Problem:
Each line of the data must be given back verbatim, with pictures removed.

Working data:
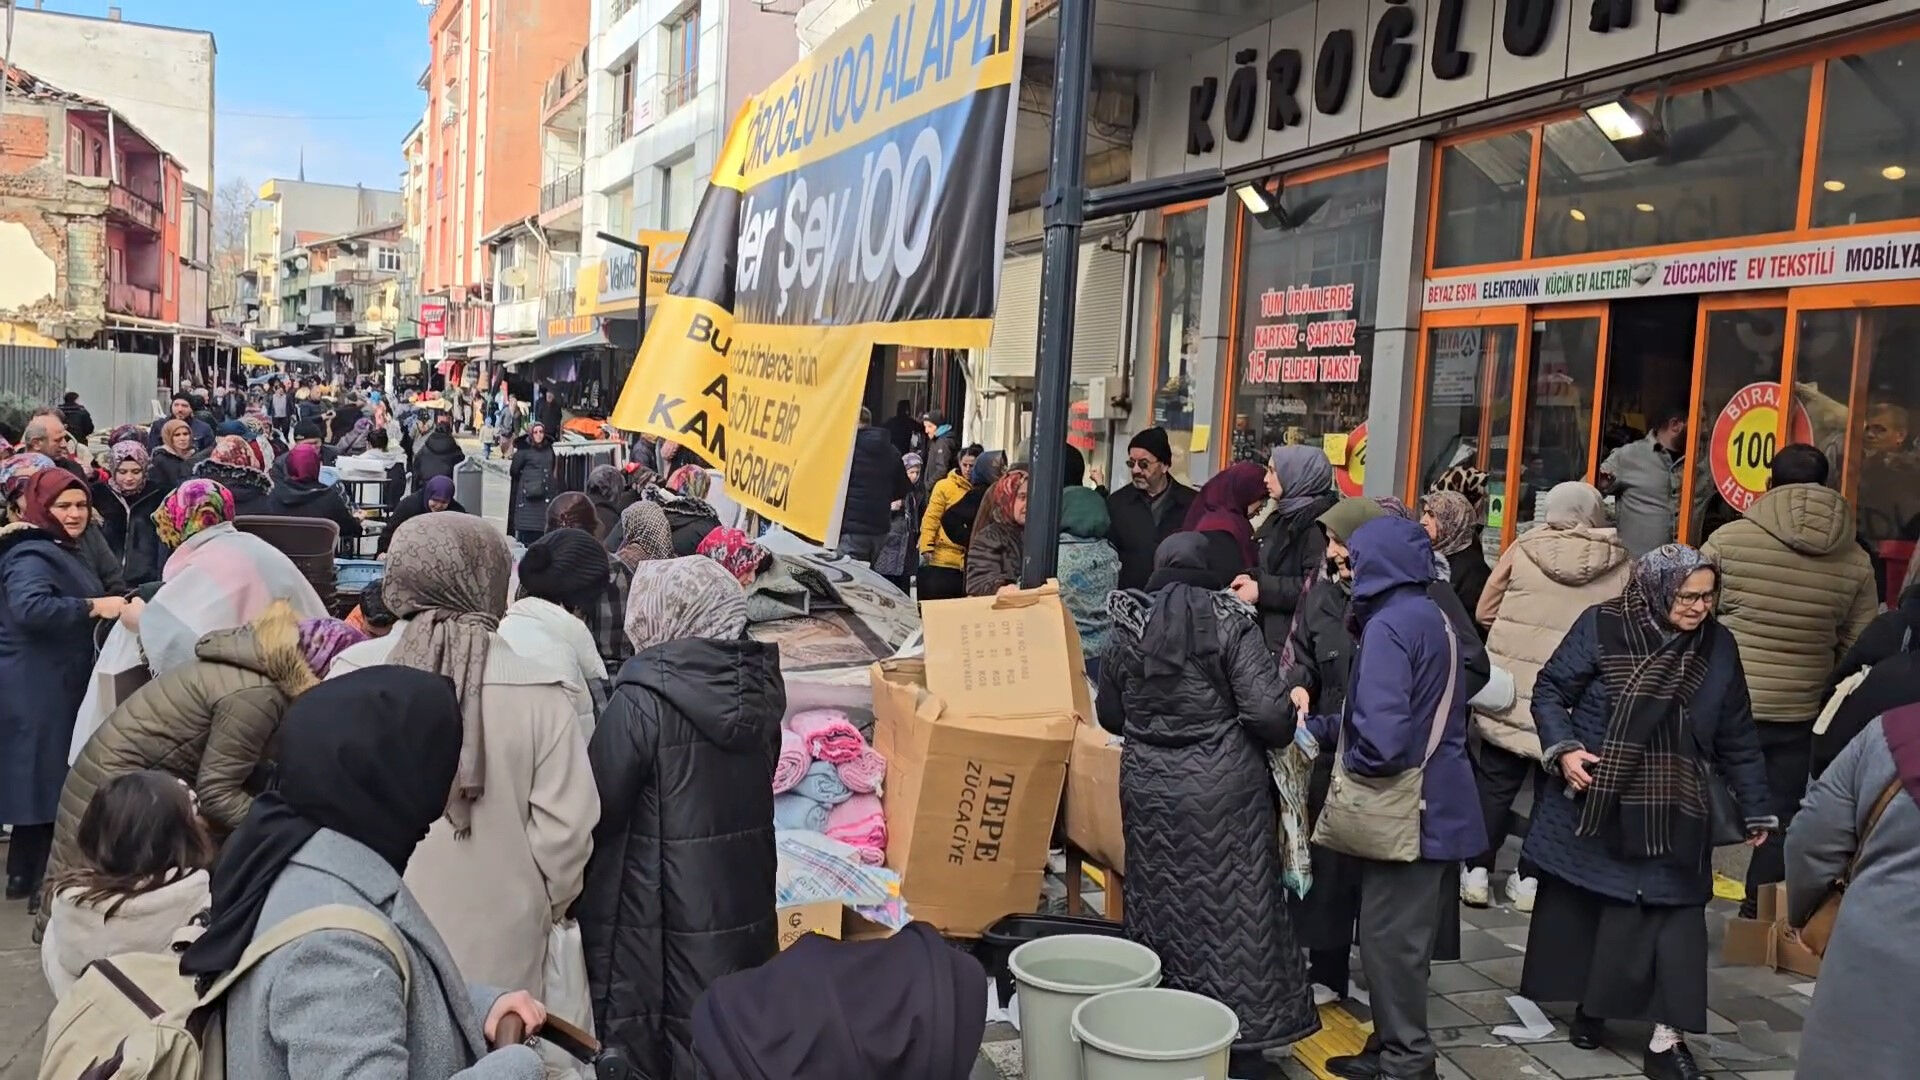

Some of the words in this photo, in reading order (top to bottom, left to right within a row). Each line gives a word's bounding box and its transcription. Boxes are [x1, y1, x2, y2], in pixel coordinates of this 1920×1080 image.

[740, 64, 828, 174] ÖROĞLU
[824, 33, 875, 138] 100
[777, 177, 851, 320] Şey
[848, 126, 942, 284] 100
[1261, 288, 1285, 317] TÜM
[1286, 284, 1354, 315] ÜRÜNLERDE
[1428, 286, 1454, 303] BEYAZ
[1483, 274, 1540, 299] ELEKTRONİK
[1545, 275, 1575, 297] KÜÇÜK
[1576, 272, 1588, 292] EV
[1589, 266, 1632, 291] ALETLERİ
[1663, 256, 1738, 286] ZÜCCACİYE
[1747, 257, 1766, 280] EV
[1770, 246, 1836, 279] TEKSTİLİ
[1845, 240, 1920, 273] MOBİLYA
[746, 342, 793, 383] binlerce
[1255, 323, 1298, 350] KARTSIZ
[1306, 320, 1357, 351] ŞARTSIZ
[1249, 351, 1266, 384] 15
[1266, 358, 1281, 382] AY
[1282, 356, 1318, 382] ELDEN
[1320, 351, 1361, 382] TAKSİT
[728, 385, 775, 442] BÖYLE
[772, 394, 800, 446] BİR
[1726, 387, 1781, 420] BURA
[730, 447, 798, 511] GÖRMEDİ
[1733, 431, 1776, 469] 100
[948, 761, 982, 866] ZÜCCACİYE
[973, 773, 1015, 862] TEPE
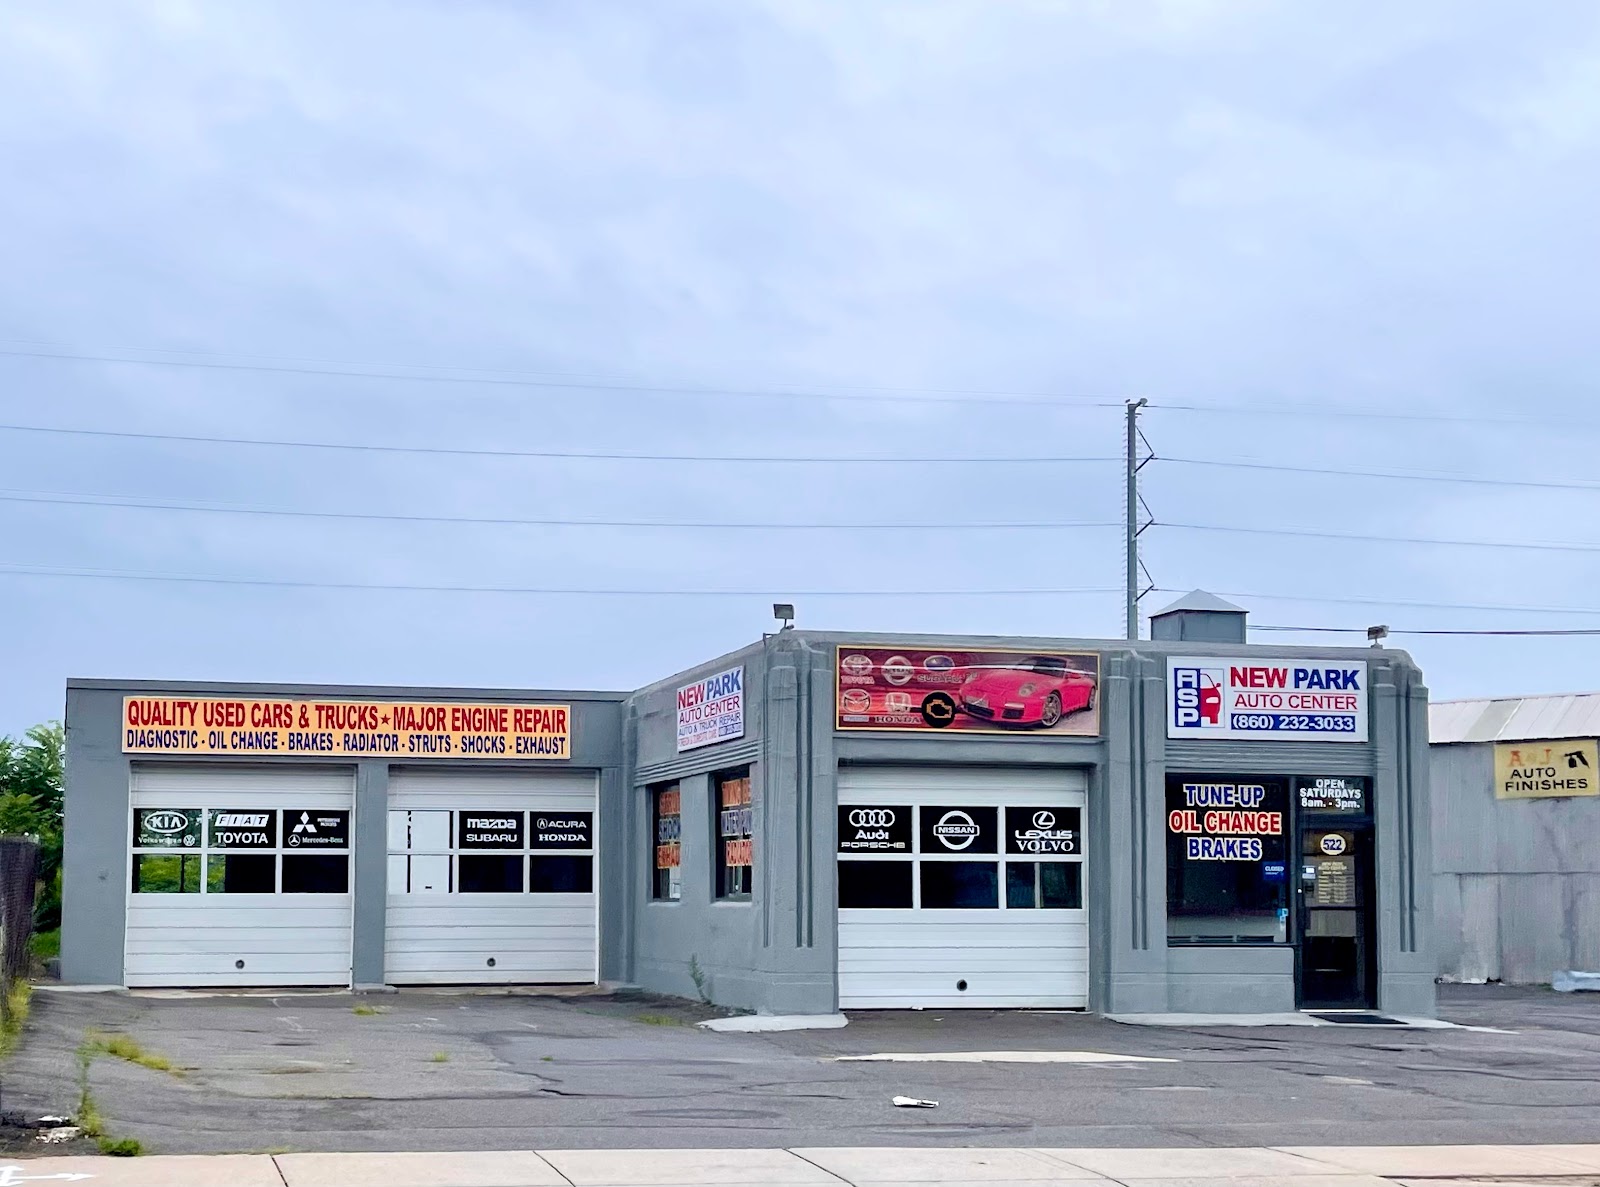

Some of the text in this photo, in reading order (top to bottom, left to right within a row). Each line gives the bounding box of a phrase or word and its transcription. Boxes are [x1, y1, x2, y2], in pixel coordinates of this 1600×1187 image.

[1230, 666, 1361, 690] NEW PARK
[678, 670, 741, 709] NEW PARK
[1234, 693, 1357, 710] AUTO CENTER
[680, 696, 740, 724] AUTO CENTER
[128, 700, 567, 734] QUALITY USED CARS & TRUCKS MAJOR ENGINE REPAIR
[719, 712, 741, 725] REPAIR
[1233, 714, 1354, 731] (860) 232-3033
[127, 729, 565, 755] DIAGNOSTIC OIL CHANGE BRAKES RADIATOR STRUTS SHOCKS EXHAUST
[1510, 767, 1556, 779] AUTO
[1316, 779, 1345, 788] OPEN
[1505, 778, 1588, 792] FINISHES
[1183, 784, 1265, 807] TUNE-UP
[1300, 787, 1361, 799] SATURDAYS
[149, 816, 182, 828] KIA
[217, 815, 268, 825] FIAT
[548, 820, 587, 829] ACURA
[1169, 810, 1282, 835] OIL CHANGE
[855, 829, 889, 840] Audi
[938, 826, 975, 834] NISSAN
[1015, 829, 1073, 839] LEXUS
[215, 832, 269, 844] TOYOTA
[466, 833, 517, 842] SUBARU
[538, 834, 586, 842] HONDA
[841, 841, 905, 849] PORSCHE
[1016, 840, 1074, 851] VOLVO
[1187, 837, 1263, 861] BRAKES
[1323, 839, 1343, 851] 522
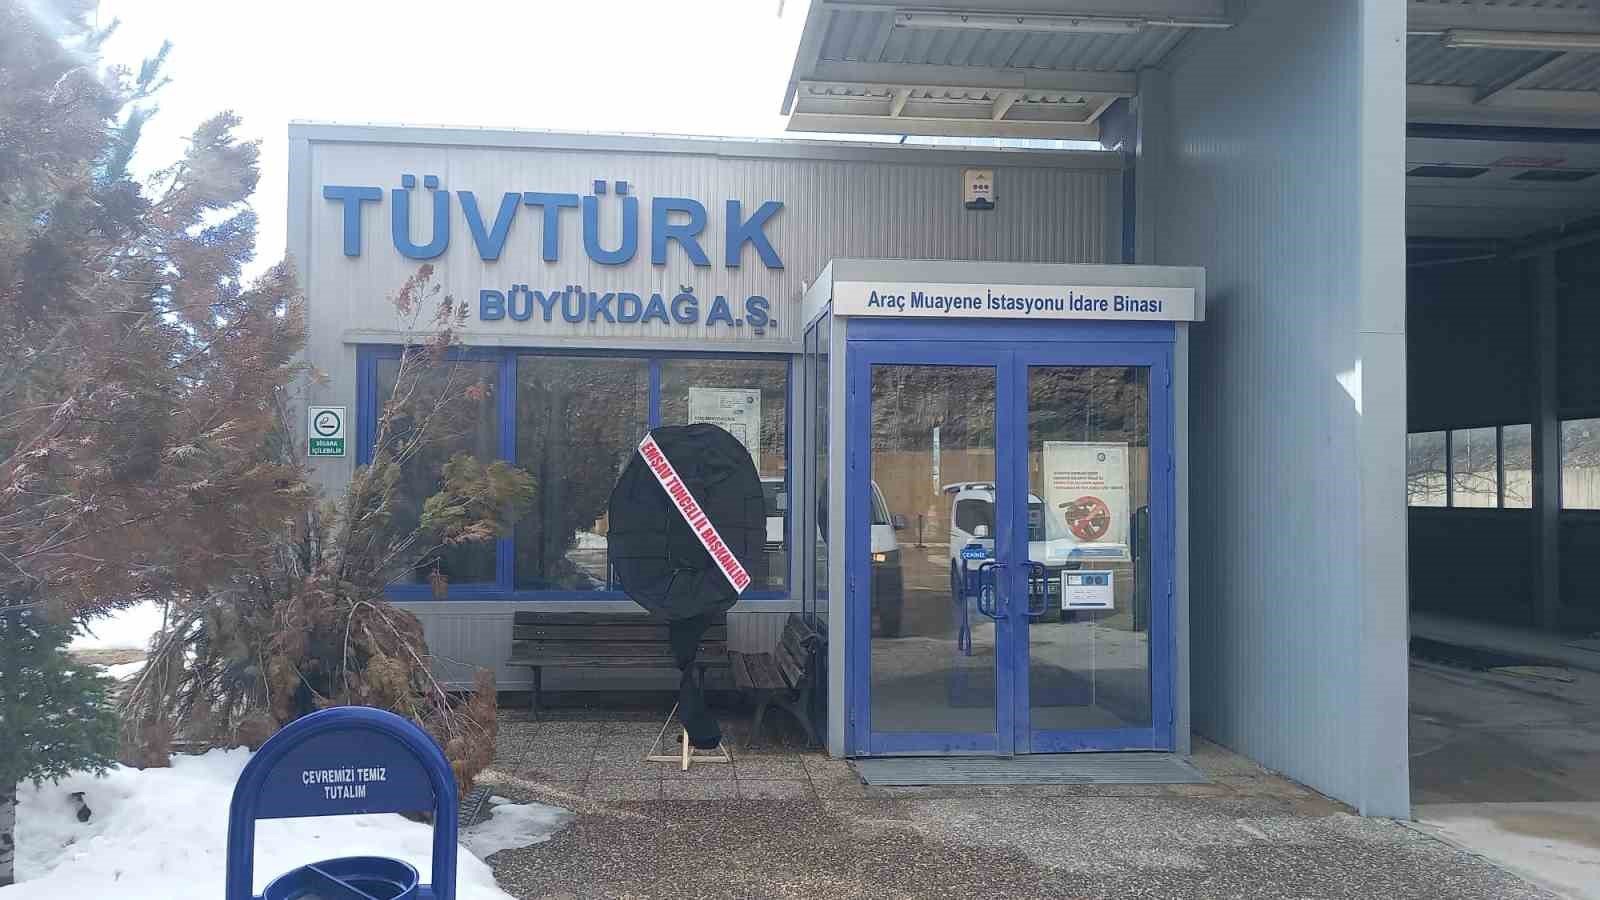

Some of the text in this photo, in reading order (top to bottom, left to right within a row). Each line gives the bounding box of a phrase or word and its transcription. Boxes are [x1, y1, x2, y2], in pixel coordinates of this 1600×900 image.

[323, 174, 785, 270] TÜVTÜRK
[479, 284, 777, 336] BÜYÜKDAĞ A.Ş.
[868, 288, 1163, 314] Araç Muayene İstasyonu İdare Binası
[302, 765, 386, 785] ÇEVREMİZİ TEMİZ
[324, 785, 366, 799] TUTALIM

Answer:
Some of the words in this photo, in reading order (top to bottom, left to right within a row). Each line gives a word's bounding box and its transcription. Boxes are [x1, y1, x2, y2], in pixel coordinates of this 1920×1080 image.

[740, 64, 828, 174] ÖROĞLU
[824, 33, 875, 138] 100
[777, 177, 851, 320] Şey
[848, 126, 942, 284] 100
[1261, 288, 1285, 317] TÜM
[1286, 284, 1354, 315] ÜRÜNLERDE
[1428, 286, 1454, 303] BEYAZ
[1483, 274, 1540, 299] ELEKTRONİK
[1545, 275, 1575, 297] KÜÇÜK
[1576, 272, 1588, 292] EV
[1589, 266, 1632, 291] ALETLERİ
[1663, 256, 1738, 286] ZÜCCACİYE
[1747, 257, 1766, 280] EV
[1770, 246, 1836, 279] TEKSTİLİ
[1845, 240, 1920, 273] MOBİLYA
[746, 342, 793, 383] binlerce
[1255, 323, 1298, 350] KARTSIZ
[1306, 320, 1357, 351] ŞARTSIZ
[1249, 351, 1266, 384] 15
[1266, 358, 1281, 382] AY
[1282, 356, 1318, 382] ELDEN
[1320, 351, 1361, 382] TAKSİT
[728, 385, 775, 442] BÖYLE
[772, 394, 800, 446] BİR
[1726, 387, 1781, 420] BURA
[730, 447, 798, 511] GÖRMEDİ
[1733, 431, 1776, 469] 100
[948, 761, 982, 866] ZÜCCACİYE
[973, 773, 1015, 862] TEPE

Some of the text in this photo, in reading order (top to bottom, left to right within a row). Each line gives the bounding box of a phrase or word and its transcription. Boxes are [x1, y1, x2, y2], in pixel coordinates of this 1600×1187 image.

[1230, 666, 1361, 690] NEW PARK
[678, 670, 741, 709] NEW PARK
[1234, 693, 1357, 710] AUTO CENTER
[680, 696, 740, 724] AUTO CENTER
[128, 700, 567, 734] QUALITY USED CARS & TRUCKS MAJOR ENGINE REPAIR
[719, 712, 741, 725] REPAIR
[1233, 714, 1354, 731] (860) 232-3033
[127, 729, 565, 755] DIAGNOSTIC OIL CHANGE BRAKES RADIATOR STRUTS SHOCKS EXHAUST
[1510, 767, 1556, 779] AUTO
[1316, 779, 1345, 788] OPEN
[1505, 778, 1588, 792] FINISHES
[1183, 784, 1265, 807] TUNE-UP
[1300, 787, 1361, 799] SATURDAYS
[149, 816, 182, 828] KIA
[217, 815, 268, 825] FIAT
[548, 820, 587, 829] ACURA
[1169, 810, 1282, 835] OIL CHANGE
[855, 829, 889, 840] Audi
[938, 826, 975, 834] NISSAN
[1015, 829, 1073, 839] LEXUS
[215, 832, 269, 844] TOYOTA
[466, 833, 517, 842] SUBARU
[538, 834, 586, 842] HONDA
[841, 841, 905, 849] PORSCHE
[1016, 840, 1074, 851] VOLVO
[1187, 837, 1263, 861] BRAKES
[1323, 839, 1343, 851] 522

Some of the text in this photo, in reading order (top to bottom, left to right within a row). Each line gives the bounding box of a phrase or word and its transcription. Boxes are [x1, y1, x2, y2], in pixel coordinates of this 1600×900 image.

[323, 174, 785, 270] TÜVTÜRK
[479, 284, 777, 336] BÜYÜKDAĞ A.Ş.
[868, 288, 1163, 314] Araç Muayene İstasyonu İdare Binası
[302, 765, 386, 785] ÇEVREMİZİ TEMİZ
[324, 785, 366, 799] TUTALIM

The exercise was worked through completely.